In all traditions, obelisks, altars, stones or offerings have been erected and in the valley, at detours of pathways, at a crossroads or a pass, you will encounter crosses, treasures of naive popular art symbolizing Epiphany places of apparitions and revelations. Here are three amongst so many :

  • The cross of the Cog Hardi between Lapoutroie and Le Bonhomme. The monolithic work cut in pink sandstone goes back to 1755. It represents at the top, a buckled angel’s head with wings and a round face with an open mouth as well as the Virgin and Saint John surrounding Christ on the cross, at the bottom.

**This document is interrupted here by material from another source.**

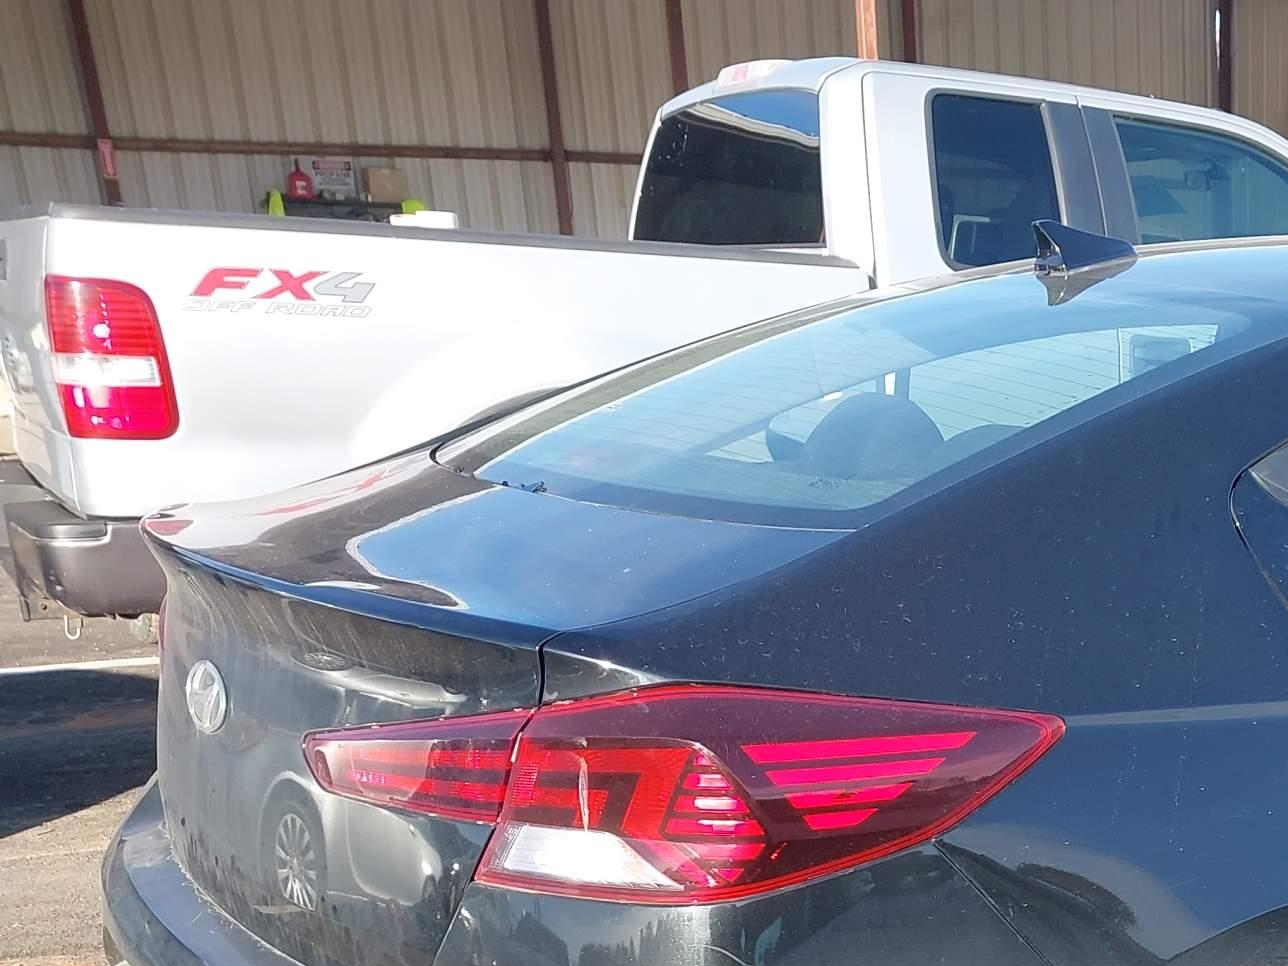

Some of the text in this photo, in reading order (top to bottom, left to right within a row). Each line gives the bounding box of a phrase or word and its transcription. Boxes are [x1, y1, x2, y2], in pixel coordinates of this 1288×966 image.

  • But also that of the Bermont Pass of bildstock type (column with images), one of most Cancian of the valley, it would date back to the 16th century. It watches over the Pass, crossing point from one valley to the next. Its base is very deep and they say the that the cross would have replaced the already existing monument, dedicated to Belenos a Gallo-roman divinity, equivalent of Mercury, the Roman god of thieves and travellers. Vestiges of the Roman road thus remain not far away, the site would have been formerly called "Mountains of Belenos" which thereafter, would have become Belmont, then Bermont.
  • And finally, that of the Chamont Pass at the crossing of 4 roads, on the limit between Fréland and Lapoutroie. Today the path is impassable, is invaded by bushes and brambles. Christ is very small and completely worn close to a cherry tree turning his back on the path watching downwards over the valley.